Introduction Cytogenetically normal (CN) acute myeloid leukemia (AML) represents a heterogeneous disease entity in which mutations in certain genes have been linked toclinical outcome. The presence of CCAAT/enhancer binding protein alpha (CEBPA) gene mutations in patients with CN-AML confers a favorable prognosis. AML with mutated CEBPA is a provisional disease entity in the 2008 World Health Organization classification of leukemias. Routine screening of all CN-AML patients for CEBPA mutations is therefore important for individual risk-adapted therapy but is challenging due to technical difficulties related with high GC content of the gene. Detecting CEBPA mutations as either biallelic (biCEBPA) or monoallelic (moCEBPA) forms which is of prognostic significance is another challenge. The distribution of mutations through the entire CEBPA gene confers another challenge.

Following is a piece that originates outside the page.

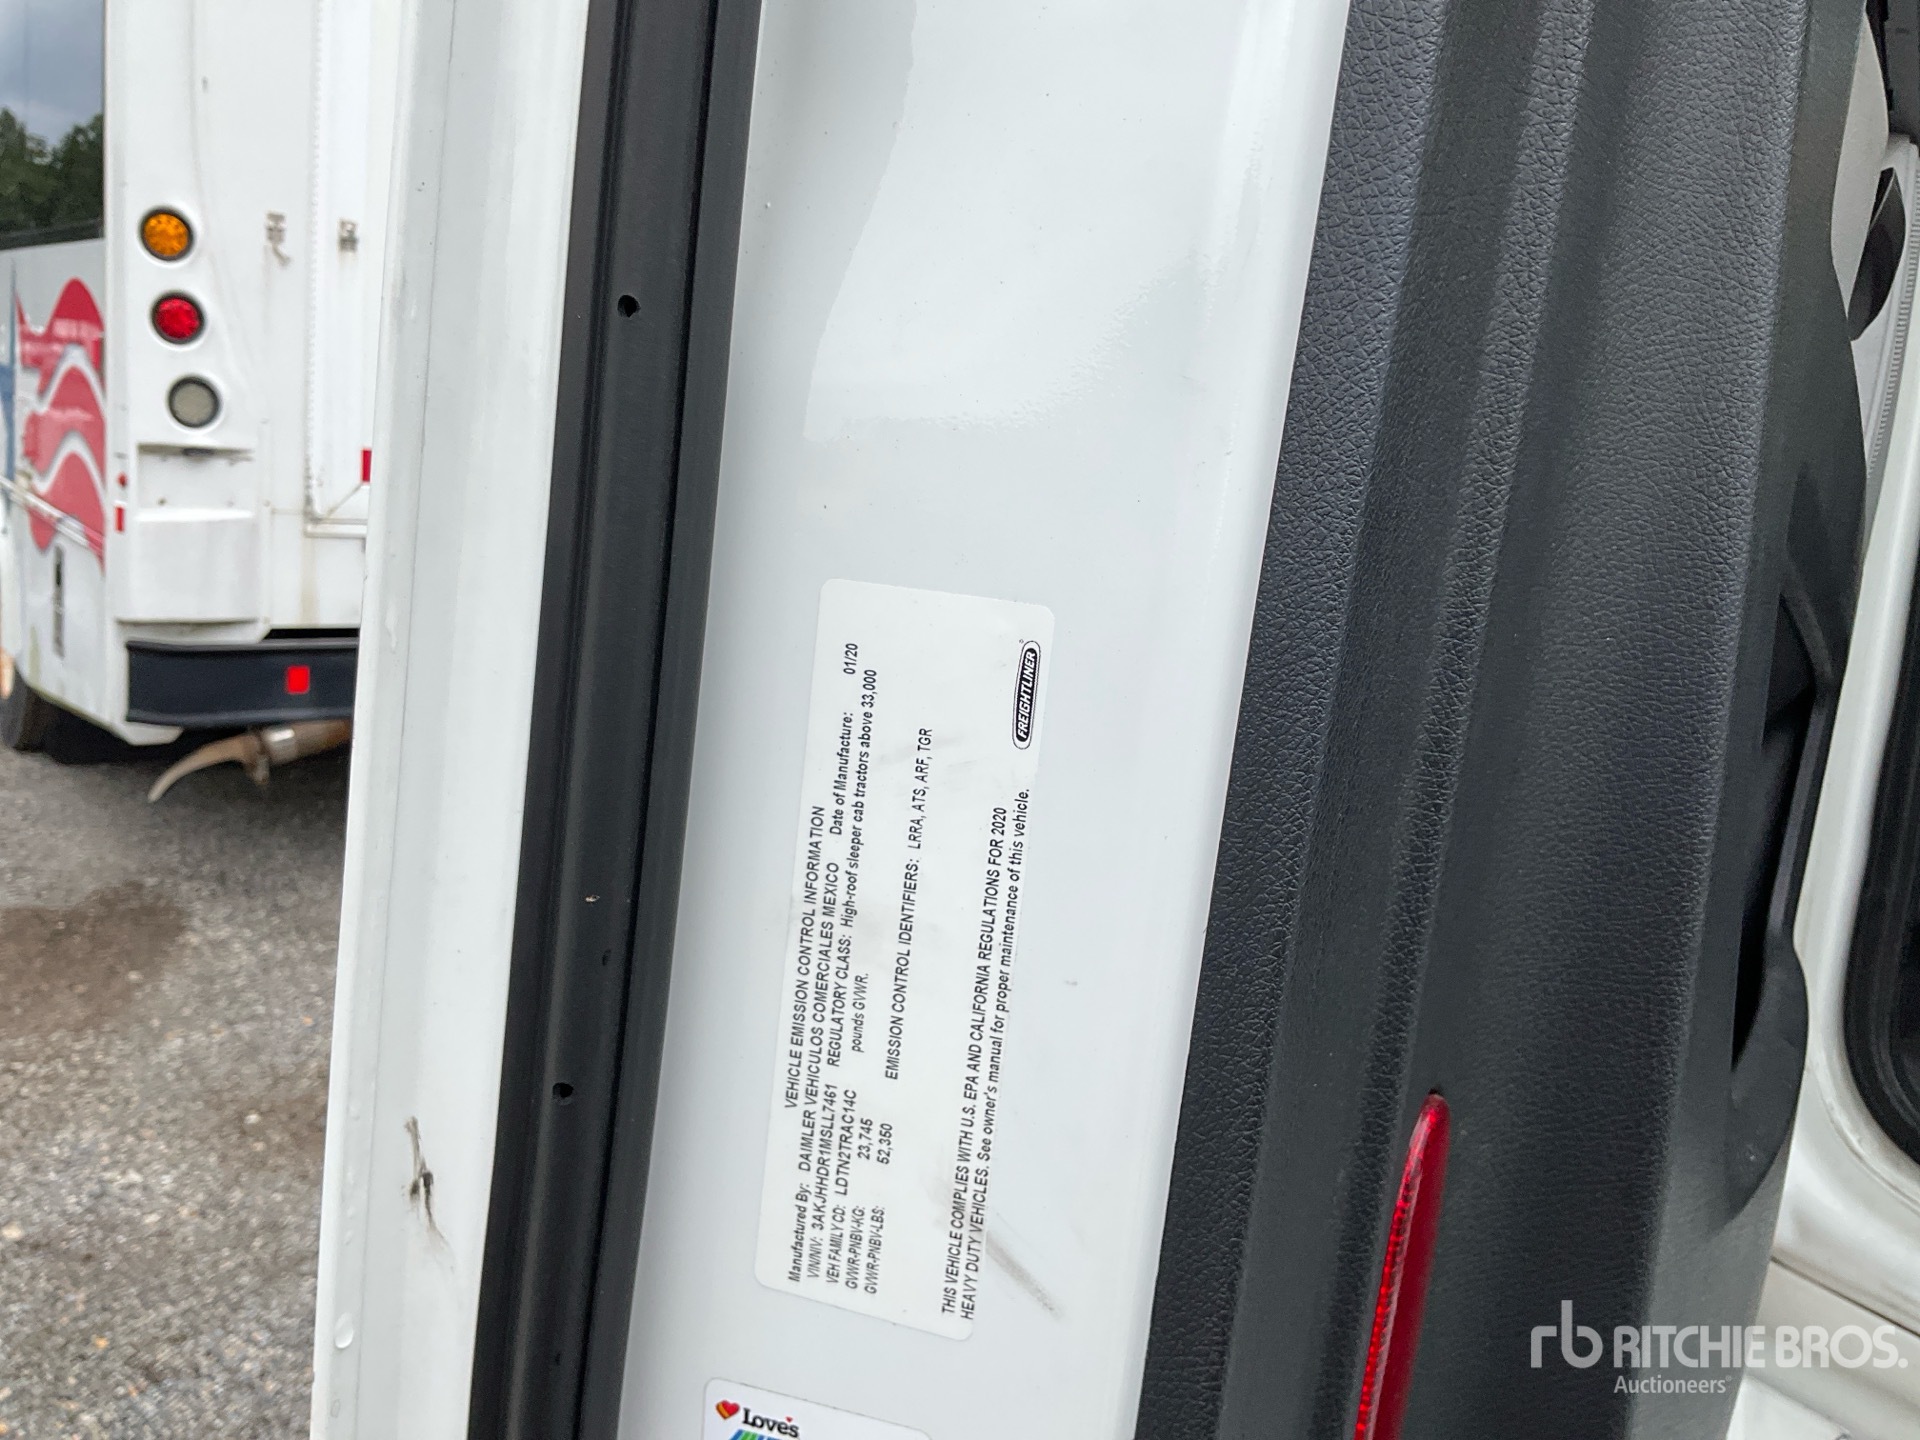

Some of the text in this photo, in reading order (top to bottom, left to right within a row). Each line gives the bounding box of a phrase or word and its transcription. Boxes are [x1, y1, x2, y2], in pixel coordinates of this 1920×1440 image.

We set out to explore the frequency of CEBPA mutations in a cohort of 50 cytogenetically normal adult AML patients. Material and methods:To amplify and direct sequencing of the entire coding region of CEBPA, five primer pairs were used in four PCR reactions. To determine whether in patients with more than one mutation in the CEBPA gene the different mutations were on the same allele or on different alleles, the entire coding region of patients with two mutations was amplified. The PCR products were subcloned into TOPO cloning vector and 16 clones from the patient were sequenced. Analysis of variants were performed using cancer genome databases and Polyphen and SIFT online tools.Results Sixteen sequence variants were found including 1 (6%) known polymorphism, 4 (25%) silent variants, 2 (12%) benign variants, 3 (18%) inframe insetion/deletions, 1 (6%) frameshift mutation, 4 (25%) damaging variants. Only one patient had a double mutation which were proved to be biallelic. Conclusion CEBPA gene mutation detection is important for risk-adopted therapy of AML patients, but high cost of the conventional methods such as Sanger sequencing due to technical difficulties, impedes its routine application in clinical settings especially in low-income societies.